- Ordinanza 7963 del 2012 -
Il datore che non fa lavorare affatto il dipendente, non mette in atto un semplice demansionamento, ma lede il diritto del lavoratore a eseguire la propria prestazione lavorativa, diritto della persona riconosciuto dalla nostra Costituzione. Con questa condotta non adempie a un obbligo derivante dal contratto di lavoro e incorre in responsabilità contrattuale. Lo sostiene la Corte di cassazione nell'ordinanza 7963 del 2012.
La decisione riguarda un lavoratore che, reintegrato nel posto di lavoro, viene, tuttavia, lasciato a oziare. Si rivolge allora al giudice del lavoro per essere risarcito per il danno derivante dal comportamento del datore di lavoro. Il tribunale gli dà ragione e condanna l'azienda al risarcimento del danno biologico e di quello alla professionalità, quantificato in 26mila euro.
La società si rivolge alla Corte d'appello, che conferma l'esistenza di un demansionamento, ma nega il danno per la perdita di professionalità. In particolare, i giudici affermano che il mancato esercizio di un'attività professionale non rappresenta, di per sé, un danno risarcibile, perché deve essere il lavoratore a provare l'impoverimento del proprio patrimonio cognitivo teorico-pratico o la perdita di occasioni di promozione o di sviluppo di carriera.
Il lavoratore ricorre in Cassazione, censurando la motivazione della sentenza che riconosce un demansionamento, ma esclude il danno alla professionalità collegato alla violazione dell'identità professionale sul posto di lavoro. E i giudici di legittimità chiariscono, innanzitutto, che ogni lavoratore ha non solo un dovere di porre in essere la prestazione lavorativa, ma anche un diritto alla sua esecuzione, essendo il lavoro «anche un mezzo di estrinsecazione della personalità di ciascun cittadino». La Cassazione evidenzia, poi, che a carico del datore grava l'obbligo di adibire il dipendente al lavoro. In caso contrario, se il comportamento non è giustificato dall'esercizio dei poteri imprenditoriali garantiti dal l'articolo 41 della Costituzione o dall'esercizio dei poteri disciplinari (come chiarito dalle sentenze di Cassazione 6265/95 e 11430/2006), la sua condotta è illecita.
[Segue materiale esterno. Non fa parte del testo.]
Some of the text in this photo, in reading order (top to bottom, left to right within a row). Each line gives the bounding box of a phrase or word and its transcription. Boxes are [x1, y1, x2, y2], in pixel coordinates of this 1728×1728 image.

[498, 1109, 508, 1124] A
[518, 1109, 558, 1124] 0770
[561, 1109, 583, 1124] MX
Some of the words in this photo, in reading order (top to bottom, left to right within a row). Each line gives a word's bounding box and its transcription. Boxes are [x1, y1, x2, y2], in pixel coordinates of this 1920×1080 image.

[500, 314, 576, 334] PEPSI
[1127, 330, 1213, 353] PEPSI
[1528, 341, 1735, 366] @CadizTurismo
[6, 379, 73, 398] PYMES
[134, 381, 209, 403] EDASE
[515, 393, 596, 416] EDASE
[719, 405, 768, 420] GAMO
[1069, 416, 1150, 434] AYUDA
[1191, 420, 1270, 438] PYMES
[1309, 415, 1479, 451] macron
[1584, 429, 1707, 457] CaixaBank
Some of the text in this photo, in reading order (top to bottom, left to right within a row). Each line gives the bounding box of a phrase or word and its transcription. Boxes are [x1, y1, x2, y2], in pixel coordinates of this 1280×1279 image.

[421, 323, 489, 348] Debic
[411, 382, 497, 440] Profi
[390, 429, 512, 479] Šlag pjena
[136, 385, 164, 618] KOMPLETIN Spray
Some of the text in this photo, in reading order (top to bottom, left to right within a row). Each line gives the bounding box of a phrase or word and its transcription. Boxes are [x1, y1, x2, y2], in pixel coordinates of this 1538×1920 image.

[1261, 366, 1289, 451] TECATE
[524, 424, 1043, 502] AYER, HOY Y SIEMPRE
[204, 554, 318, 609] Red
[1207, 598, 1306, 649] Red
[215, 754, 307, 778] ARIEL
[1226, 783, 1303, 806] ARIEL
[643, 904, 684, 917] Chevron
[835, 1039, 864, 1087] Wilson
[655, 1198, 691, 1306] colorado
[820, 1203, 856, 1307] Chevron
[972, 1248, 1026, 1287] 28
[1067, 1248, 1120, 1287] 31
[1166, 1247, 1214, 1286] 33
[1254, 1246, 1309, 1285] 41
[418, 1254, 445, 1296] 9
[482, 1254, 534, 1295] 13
La Cassazione prosegue, inoltre, censurando l'operato dei giudici di appello, perché, nella loro decisione, non si sono attenuti a questi principi. Da un lato, hanno inquadrato la condotta come un «demansionamento professionale». Che, in senso proprio, si ha quando un lavoratore è utilizzato in mansioni inferiori rispetto a quelle di assunzione o a quelle successivamente acquisite. Nel caso preso in esame, invece, il datore ha negato al lavoratore lo svolgimento di ogni attività lavorativa, ponendolo in una condizione di forzata inattività. Dall'altro lato hanno escluso, erroneamente, che una condotta del genere possa essere, di per sé, fonte di danno risarcibile.
La Cassazione si sofferma anche su questo ponendo un'interpretazione significativa: un danno non patrimoniale a carico del datore può emergere ogni volta che la sua condotta illecita abbia violato, in modo grave, diritti della persona del lavoratore tutelati dalla Costituzione (in particolare, dagli articoli 32 e 37). Questi diritti, tra cui quello a essere adibito all'attività lavorativa, in quanto non regolati in modo specifico da norme di legge, devono essere individuati dai giudici di merito. Essi, in sede di valutazione del danno risarcibile, dovranno distinguere tra meri pregiudizi (disagi o lesioni di interessi privi di qualsiasi consistenza e gravità) non risarcibili e danni da risarcire, supportando la valutazione con una motivazione congrua, coerente e rispettosa dei principi giuridici in materia. La Corte d'appello, secondo la Cassazione, non ha proceduto così, ma ha escluso, a priori, alcune voci di danno sull'erroneo presupposto che una forzata inattività non possa essere di per sé fonte di danno.
Inevitabile la conclusione: la sentenza va rinviata ai giudici di merito per essere decisa sulla base dei principi chiariti.